→ **Aim of the task**
Write the listing out again exactly as it stands, with no images.

→ **Given data**
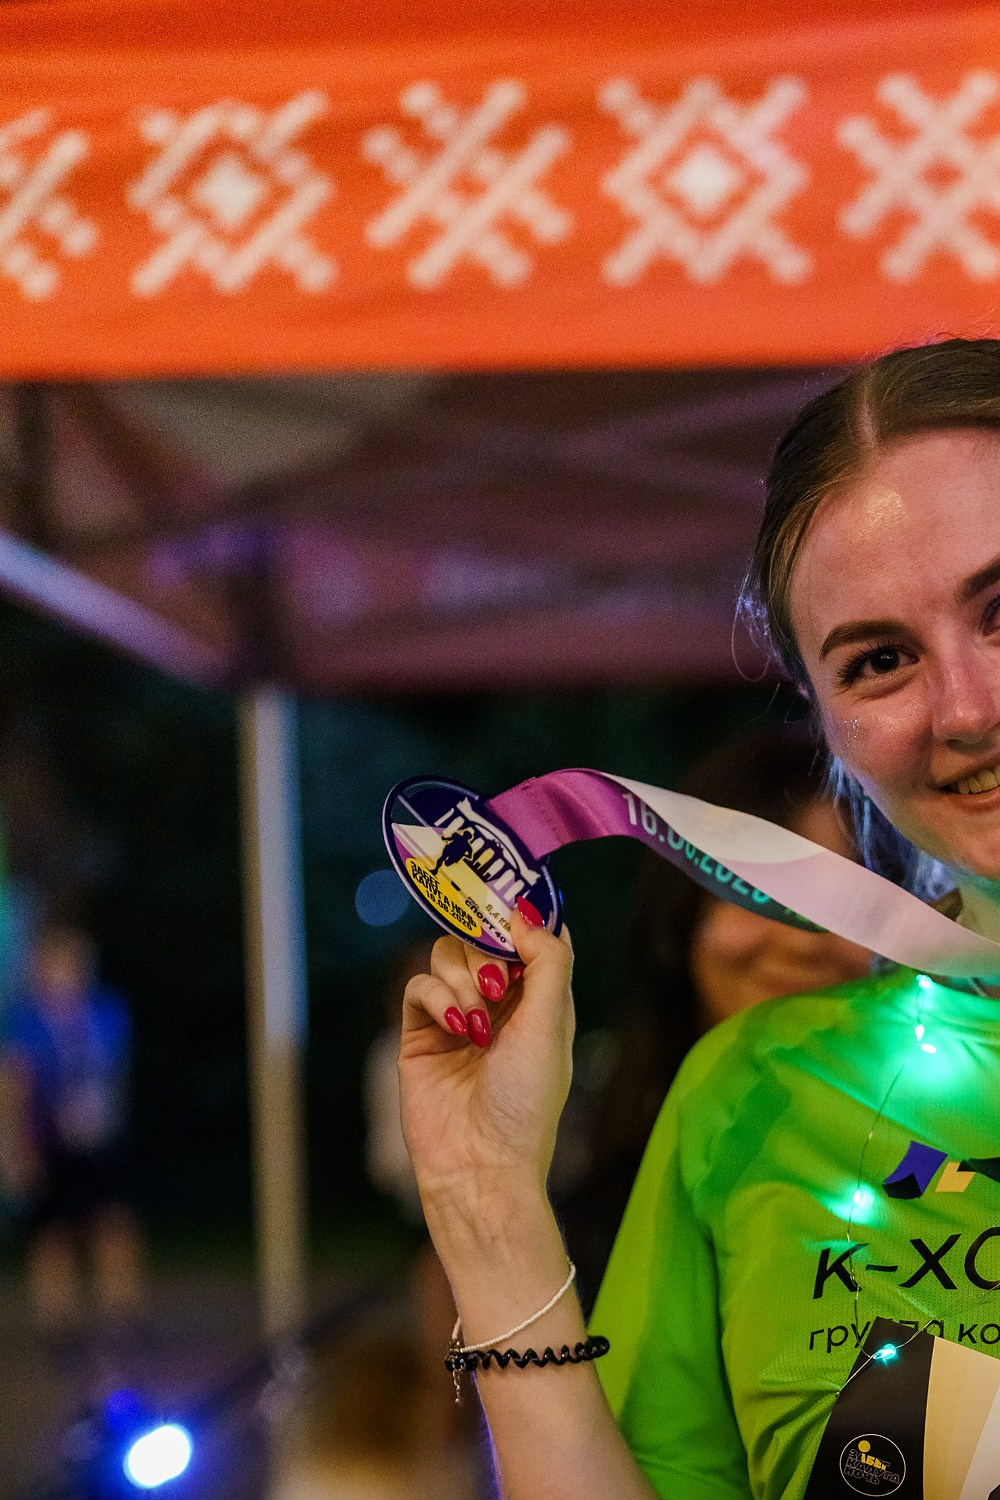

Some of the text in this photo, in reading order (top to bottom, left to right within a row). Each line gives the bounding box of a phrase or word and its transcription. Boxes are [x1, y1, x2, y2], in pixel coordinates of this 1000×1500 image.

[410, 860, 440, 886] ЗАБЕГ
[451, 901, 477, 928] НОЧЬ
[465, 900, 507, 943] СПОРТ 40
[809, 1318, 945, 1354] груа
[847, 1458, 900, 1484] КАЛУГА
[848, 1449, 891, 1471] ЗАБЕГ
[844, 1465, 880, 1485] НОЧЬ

→ **Exercise solution**
Some of the text in this photo, in reading order (top to bottom, left to right within a row). Each line gives the bounding box of a phrase or word and its transcription. Boxes are [x1, y1, x2, y2], in pixel coordinates of this 1000×1500 image.

[410, 860, 440, 886] ЗАБЕГ
[451, 901, 477, 928] НОЧЬ
[465, 900, 507, 943] СПОРТ 40
[809, 1318, 945, 1354] груа
[847, 1458, 900, 1484] КАЛУГА
[848, 1449, 891, 1471] ЗАБЕГ
[844, 1465, 880, 1485] НОЧЬ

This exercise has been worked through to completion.